If pictures are present, leave them out, and copy the data word for word.
================
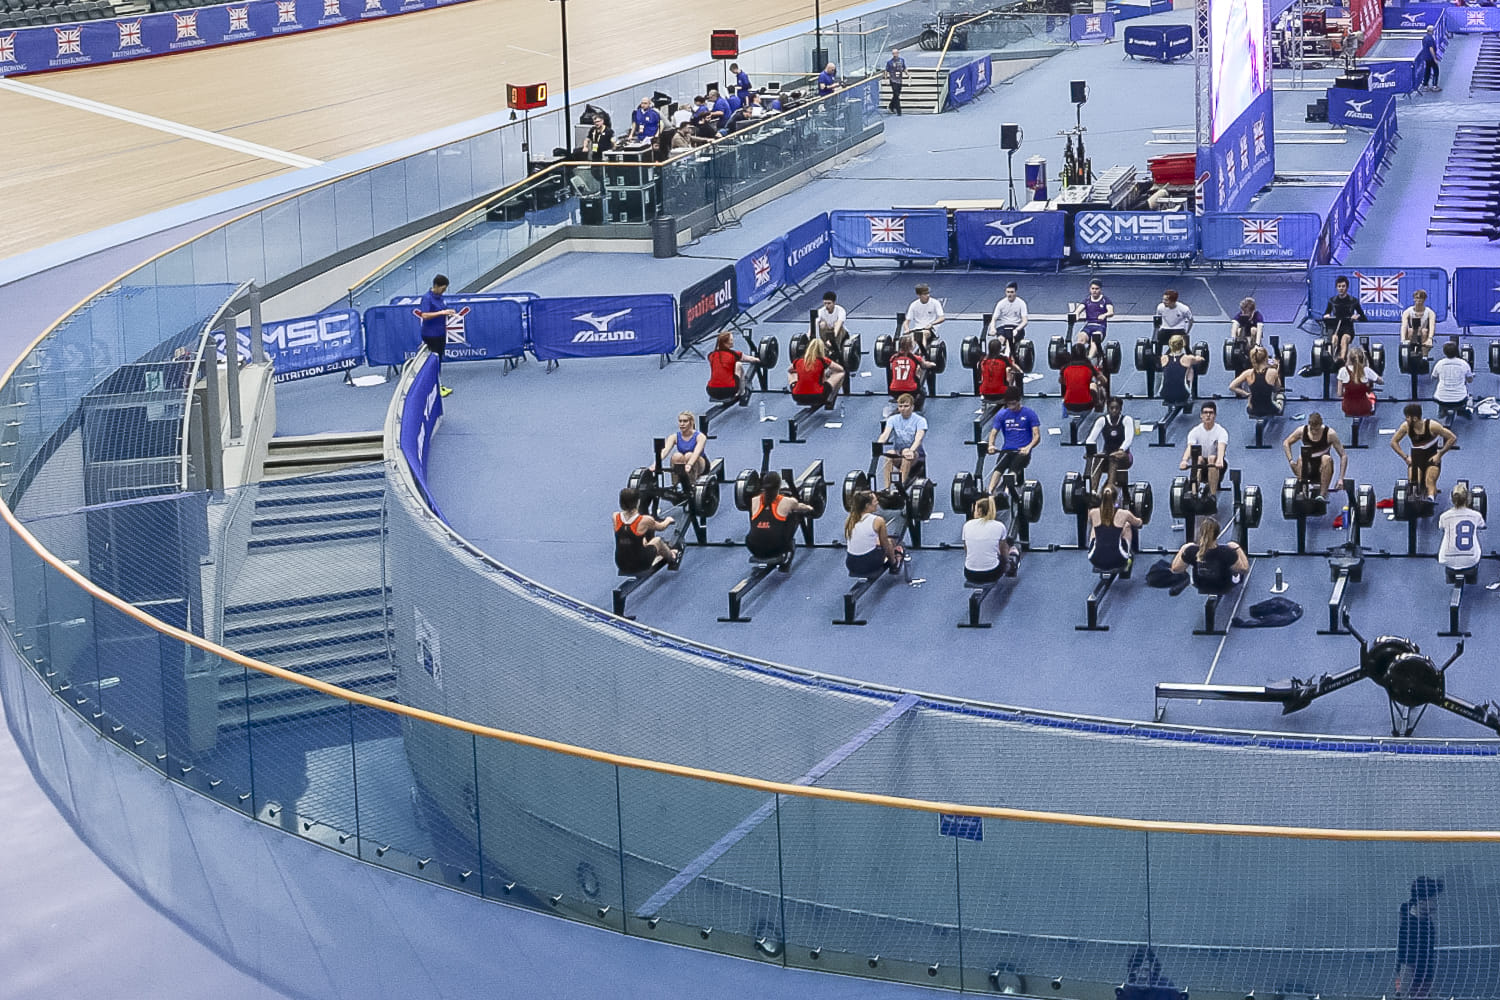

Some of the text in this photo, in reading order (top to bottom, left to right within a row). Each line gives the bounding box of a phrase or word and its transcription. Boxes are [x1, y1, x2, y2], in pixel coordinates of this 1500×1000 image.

[1114, 214, 1188, 234] MSC
[262, 314, 350, 349] MSC
[444, 348, 487, 358] ROWING
[894, 364, 911, 380] 17
[1455, 519, 1476, 551] 8
================
__Output for this exercise__:
Some of the text in this photo, in reading order (top to bottom, left to right within a row). Each line gives the bounding box of a phrase or word and its transcription. Boxes are [x1, y1, x2, y2], in pixel coordinates of this 1500×1000 image.

[1114, 214, 1188, 234] MSC
[262, 314, 350, 349] MSC
[444, 348, 487, 358] ROWING
[894, 364, 911, 380] 17
[1455, 519, 1476, 551] 8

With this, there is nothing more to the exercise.